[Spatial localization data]
========================

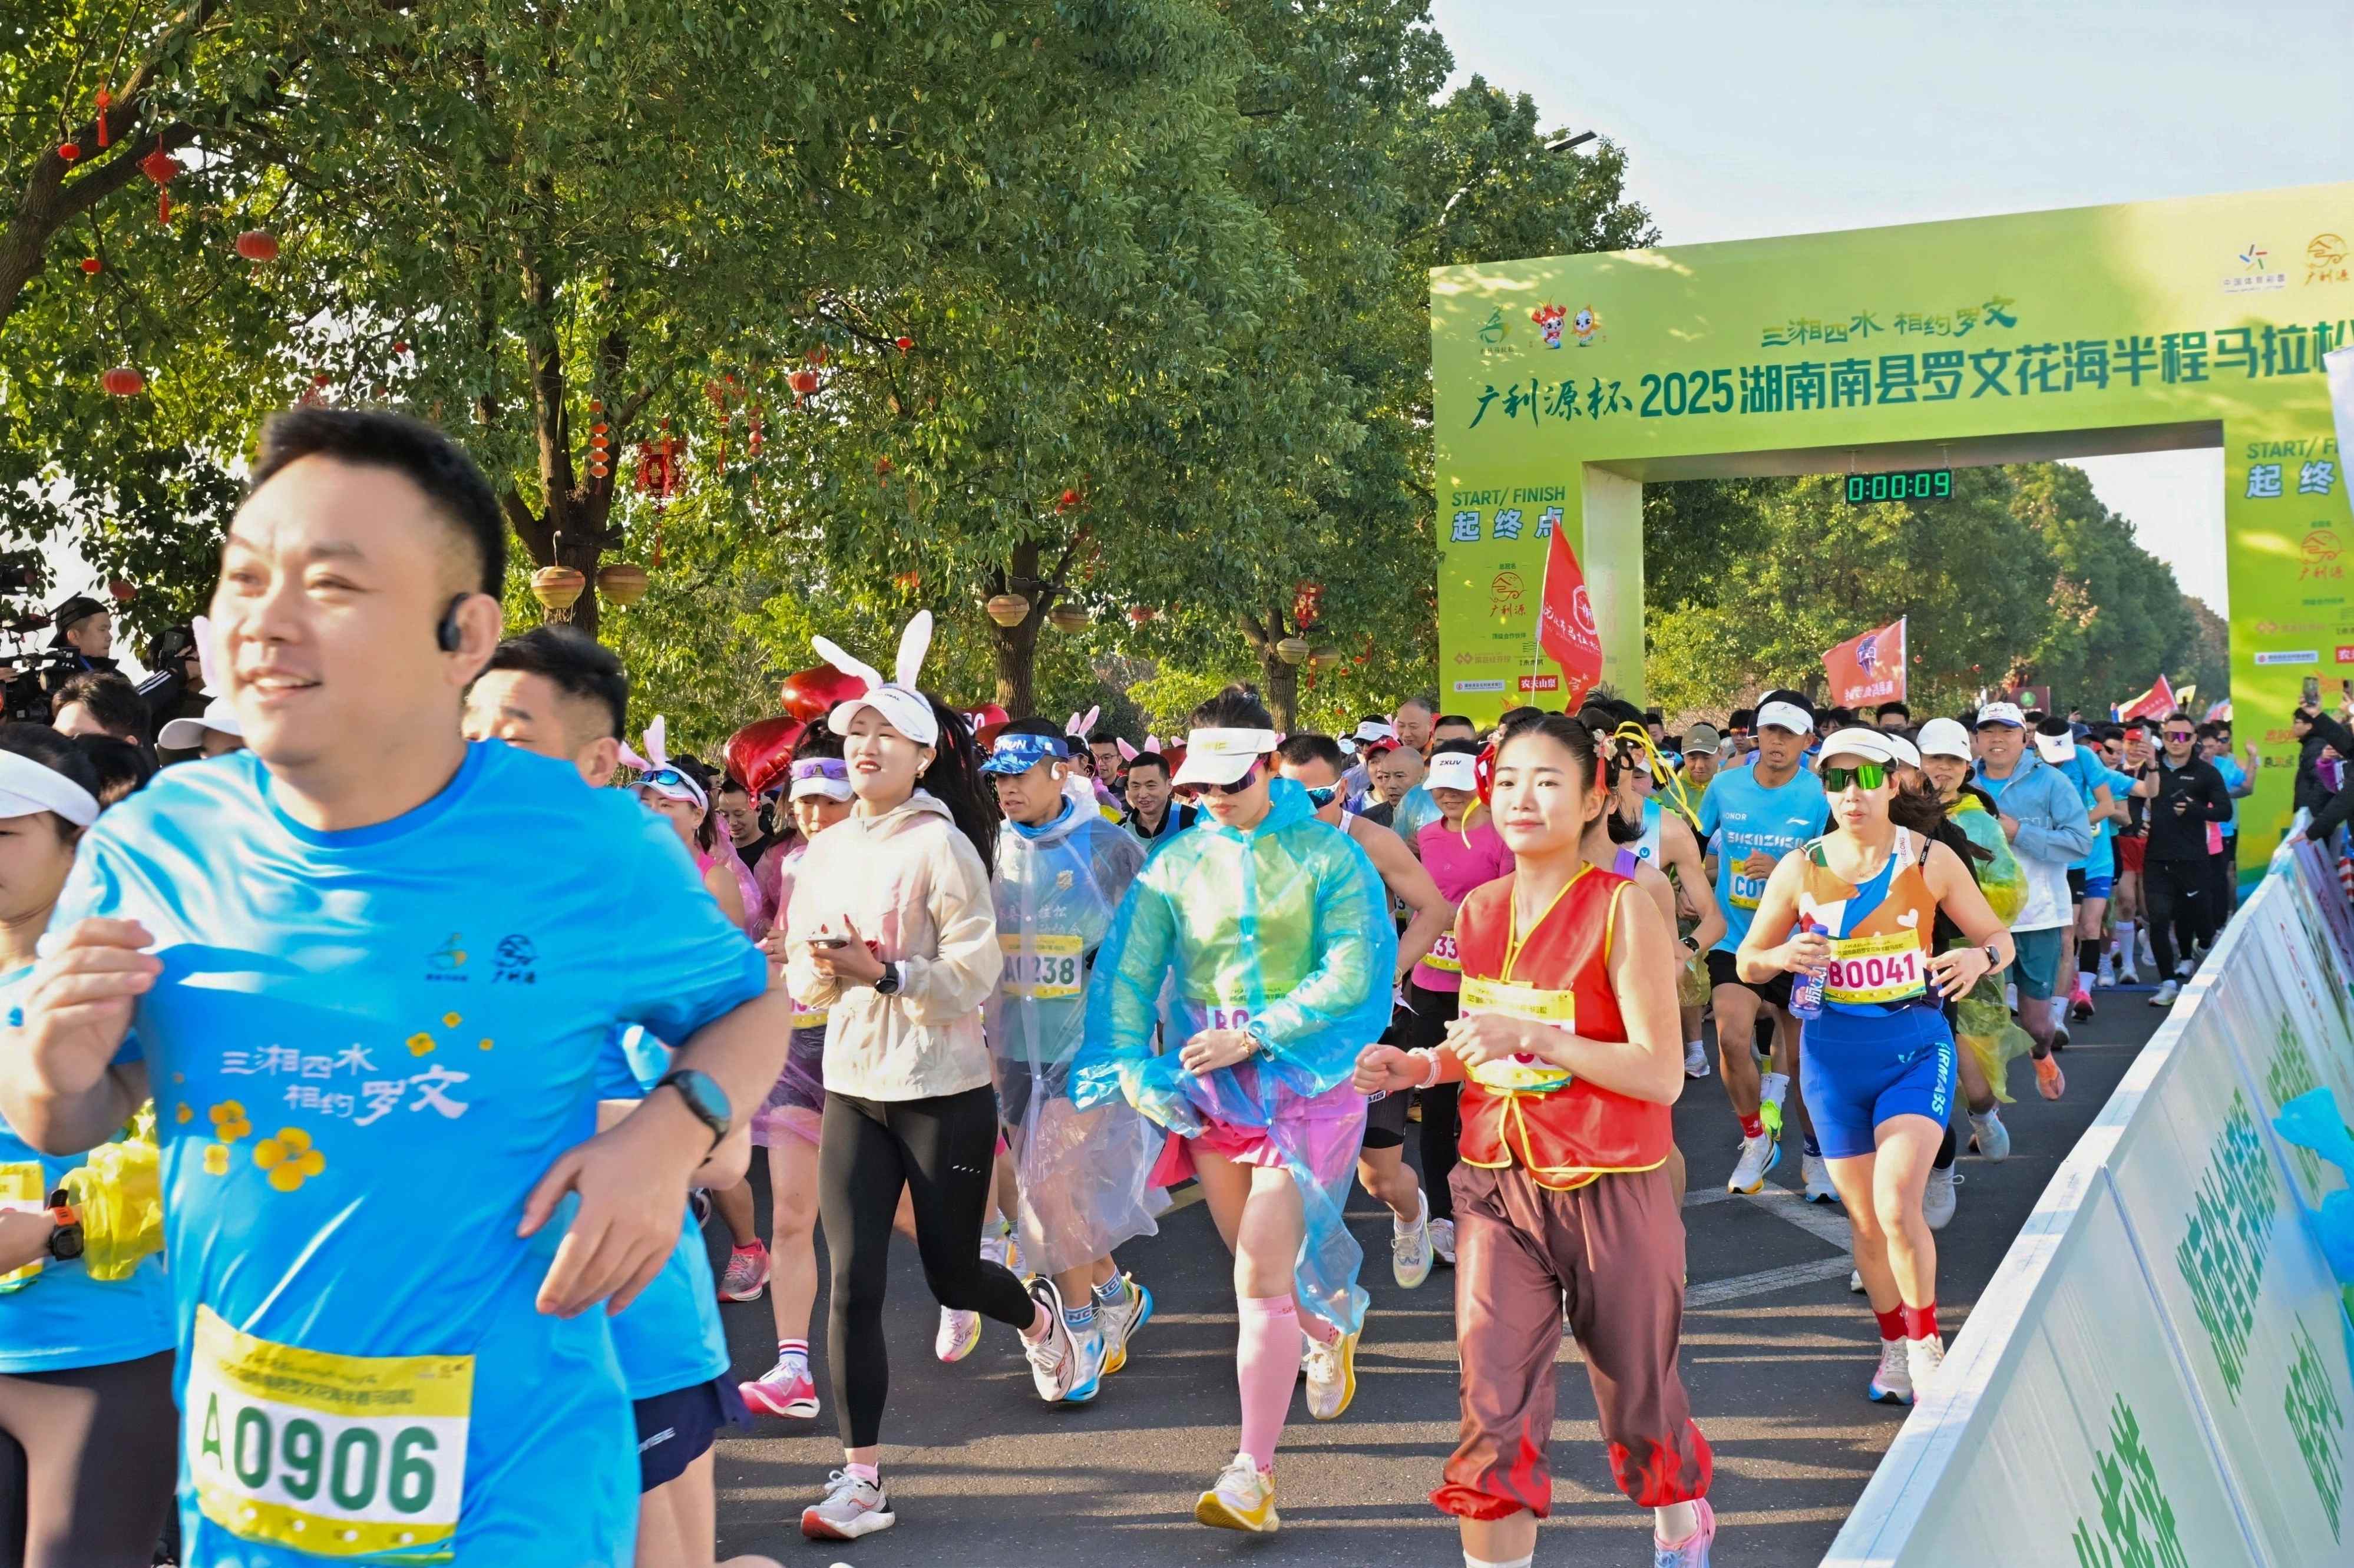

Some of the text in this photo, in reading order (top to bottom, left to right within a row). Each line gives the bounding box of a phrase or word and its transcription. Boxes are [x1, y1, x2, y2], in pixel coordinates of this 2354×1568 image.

[1761, 295, 2018, 348] 三湘四水 相约罗文
[1452, 486, 1566, 507] START/ FINISH
[1848, 472, 1950, 501] 0:00:09
[1449, 506, 1564, 543] 起终点
[1521, 677, 1556, 689] 农夫山泉
[1828, 952, 1916, 989] B0041
[219, 1043, 379, 1079] 三湘四水
[283, 1064, 470, 1127] 相约罗文
[201, 1391, 439, 1514] A0906

========================

### Instructions to follow
Images must not appear; print each record precisely as it reads.

### Response
Some of the text in this photo, in reading order (top to bottom, left to right within a row). Each line gives the bounding box of a phrase or word and its transcription. Boxes are [x1, y1, x2, y2], in pixel coordinates of this 2354×1568 image.

[1761, 295, 2018, 348] 三湘四水 相约罗文
[1452, 486, 1566, 507] START/ FINISH
[1848, 472, 1950, 501] 0:00:09
[1449, 506, 1564, 543] 起终点
[1521, 677, 1556, 689] 农夫山泉
[1828, 952, 1916, 989] B0041
[219, 1043, 379, 1079] 三湘四水
[283, 1064, 470, 1127] 相约罗文
[201, 1391, 439, 1514] A0906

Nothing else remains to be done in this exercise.